Ao mesmo tempo em que terá uma batalha complicada no front político, a presidente enfrentará desafios muito difíceis no campo econômico.

A inflação teima em flertar com o teto da meta de 4,5 por cento com 2 pontos percentuais de tolerância, as contas fiscais têm apresentado resultados cada vez piores e as transações correntes vêm registrando déficits crescentes. E a cada mês diminui o número de postos de trabalho formais criados, uma das jóias da coroa da administração petista.

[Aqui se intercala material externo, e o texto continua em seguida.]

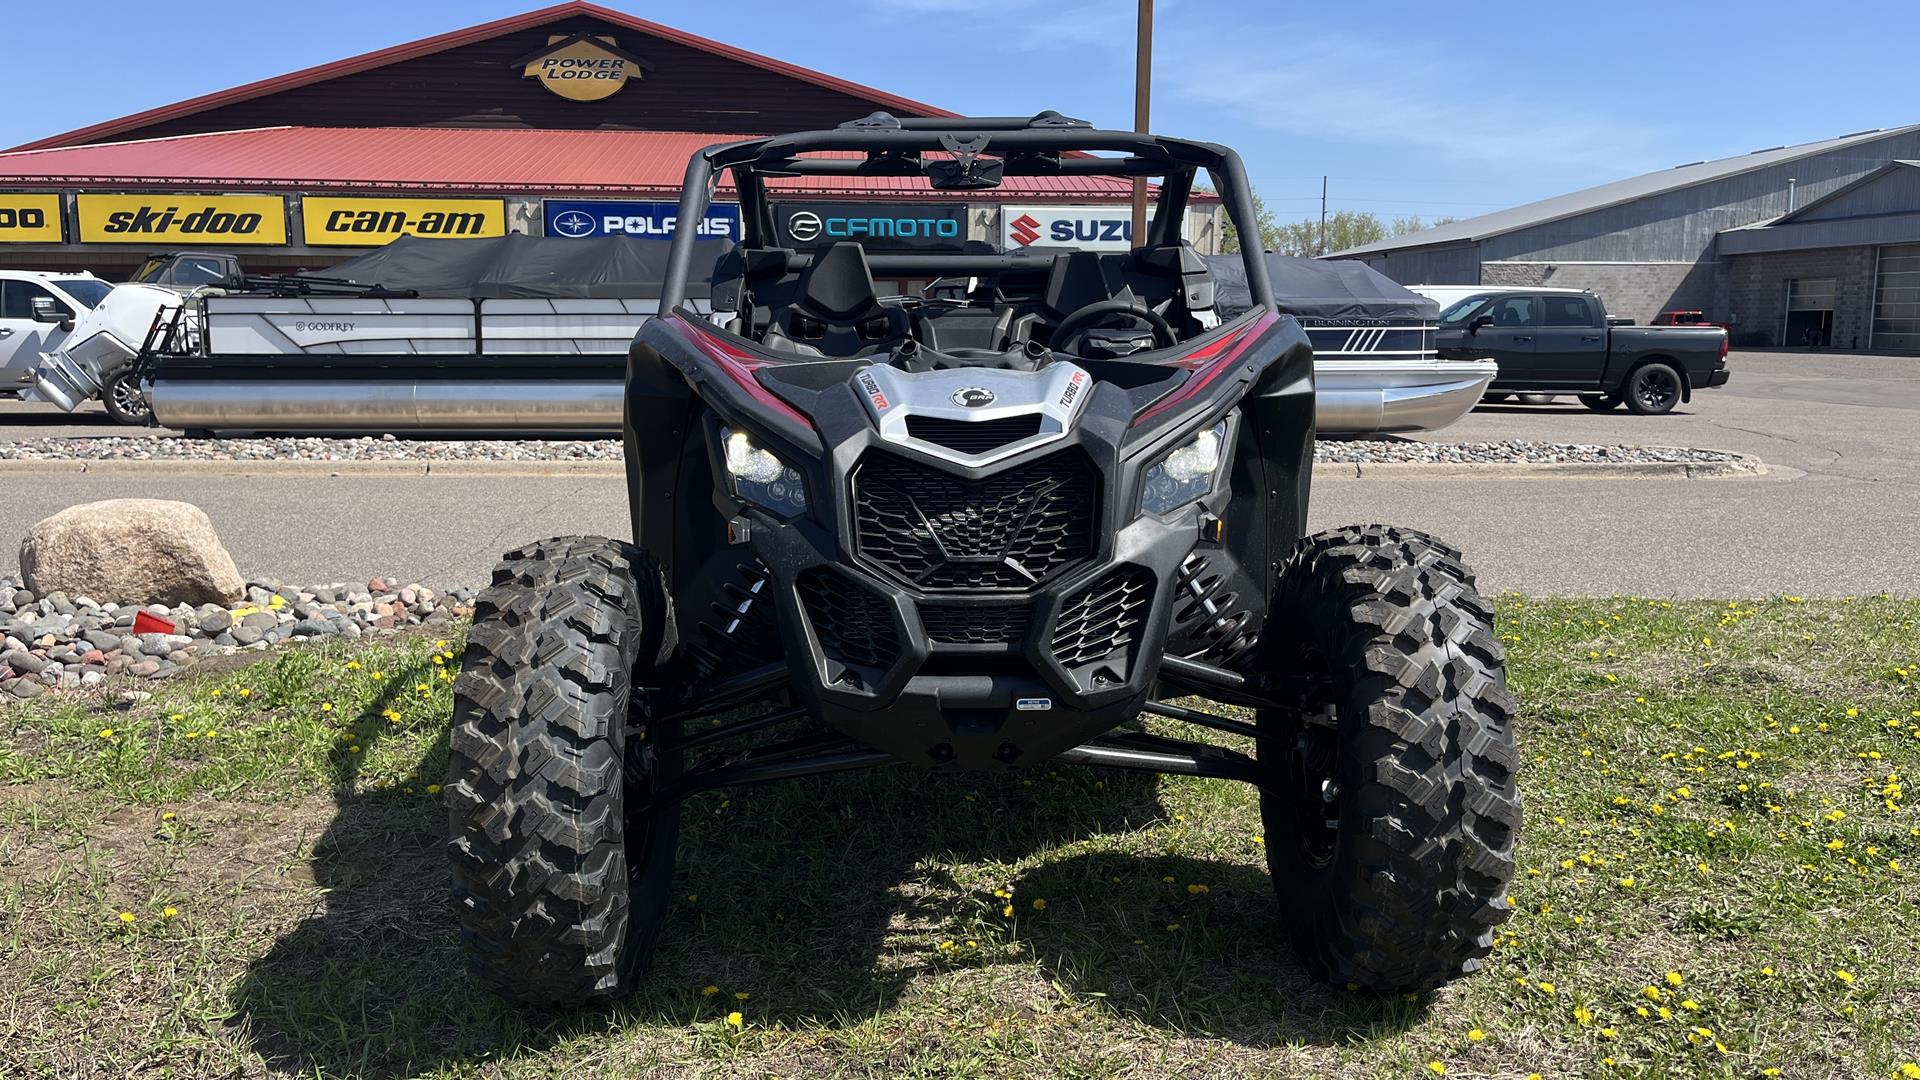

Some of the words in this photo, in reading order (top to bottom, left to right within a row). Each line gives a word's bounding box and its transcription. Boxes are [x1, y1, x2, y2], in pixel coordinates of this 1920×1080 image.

[542, 58, 624, 69] POWER
[546, 69, 623, 80] LODGE
[104, 207, 262, 233] ski-doo
[325, 210, 485, 234] can-am
[825, 218, 958, 237] CFMOTO
[308, 322, 355, 332] GODFREY
[860, 373, 880, 395] TURBO
[871, 393, 888, 410] RR
[969, 392, 993, 400] BRP
[1059, 381, 1080, 409] TURBO
[1071, 371, 1086, 386] RR
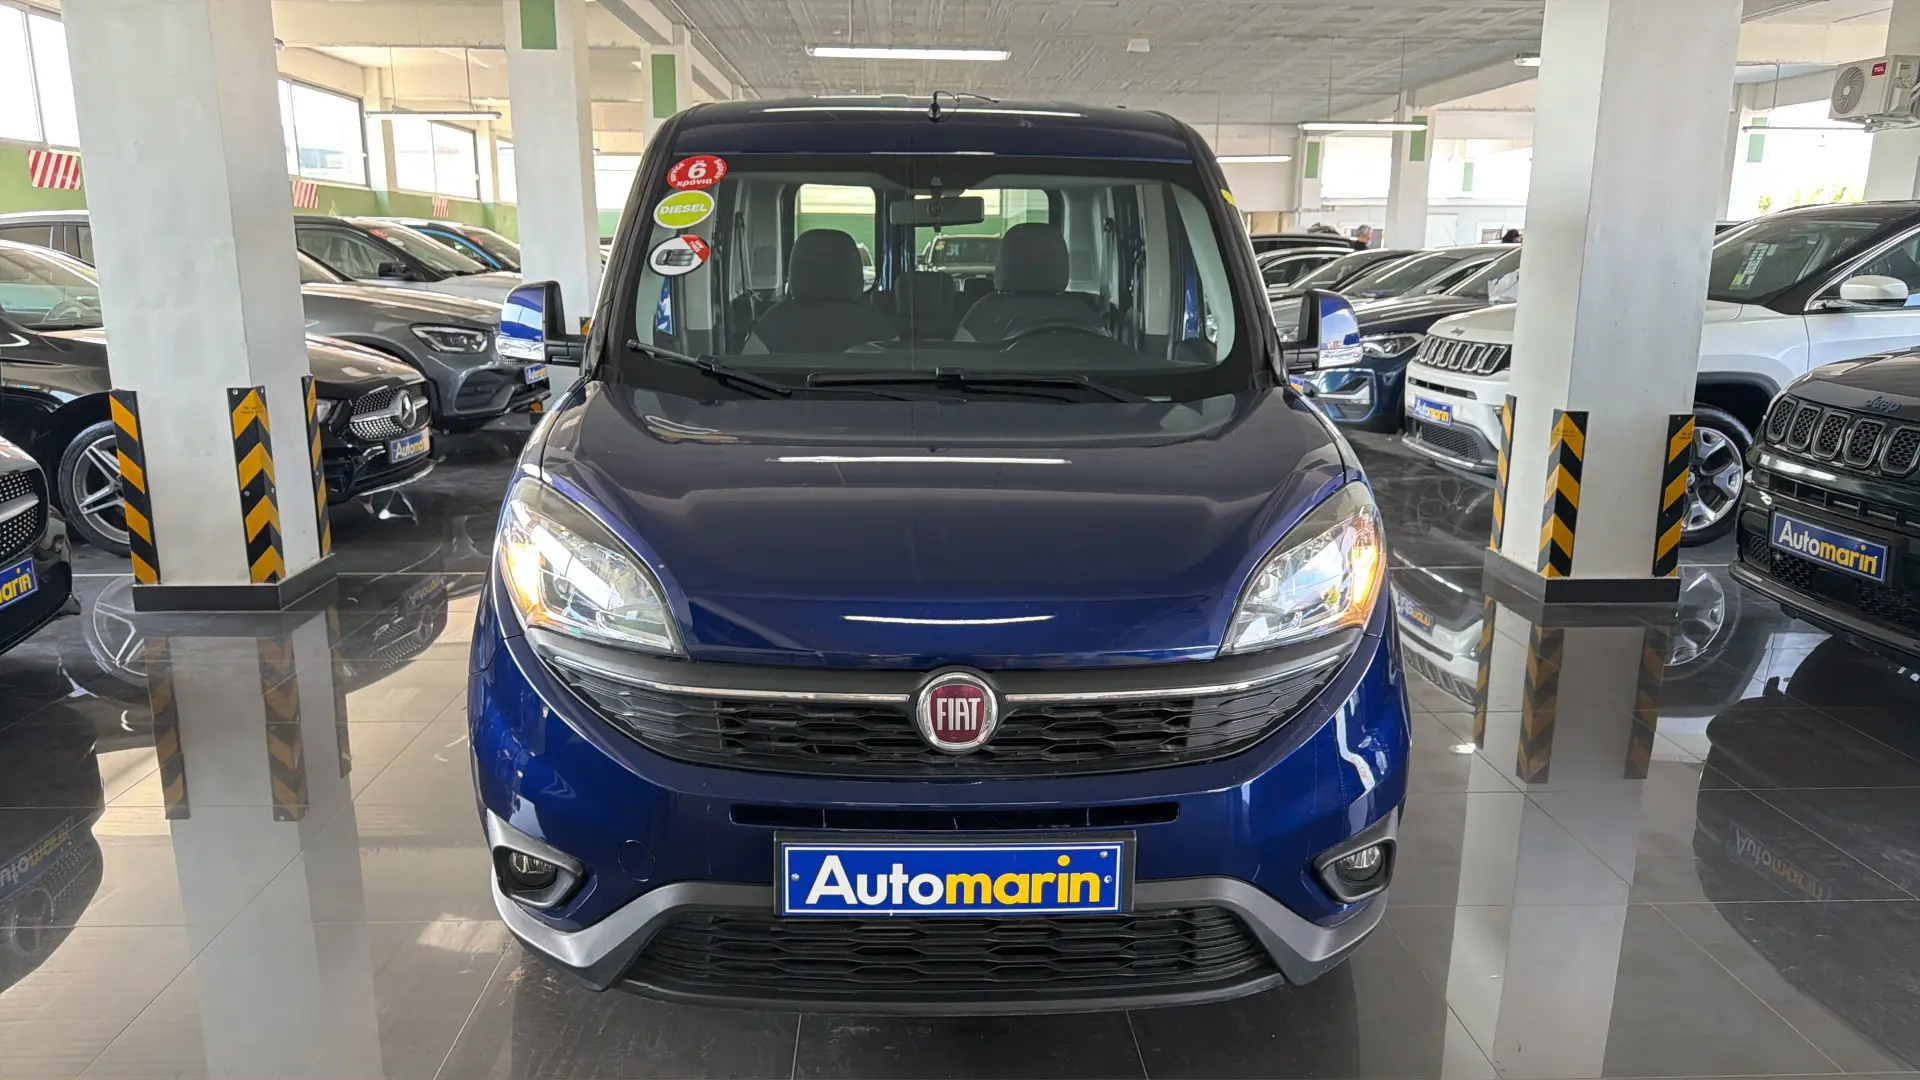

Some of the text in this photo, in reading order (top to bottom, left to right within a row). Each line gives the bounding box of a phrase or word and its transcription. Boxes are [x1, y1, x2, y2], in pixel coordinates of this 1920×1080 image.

[687, 162, 708, 179] 6
[675, 178, 713, 188] χρόνια
[659, 203, 708, 215] DIESEL
[1865, 395, 1902, 413] Jeep
[1778, 520, 1878, 575] Automarin
[936, 697, 981, 731] FIAT
[805, 854, 1101, 906] Automarin

Além disso, Dilma não contará com a boa vontade dos mercados financeiros, que preferiam Aécio e as políticas defendidas por ele, num cenário em que todos os analistas consideram que 2015 será um ano dificílimo no lado econômico. A presidente sabe disso.

"Vamos dar mais impulso à atividade econômica em todos os setores, em especial no setor industrial", disse Dilma em seu pronunciamento. "Quero a parceria de todos os segmentos, setores, áreas produtivas e financeiras, nessa tarefa que é responsabilidade de cada um de nós brasileiros e brasileiras."

As chances de seu novo governo ser bem-sucedido dependerão da equipe que montar, dos sinais que emitir para empresários e políticos e das medidas que adotar nos próximos meses.

(Reportagem adicional de Jeferson Ribeiro, em Brasília, e Eduardo Simões, em Belo Horizonte)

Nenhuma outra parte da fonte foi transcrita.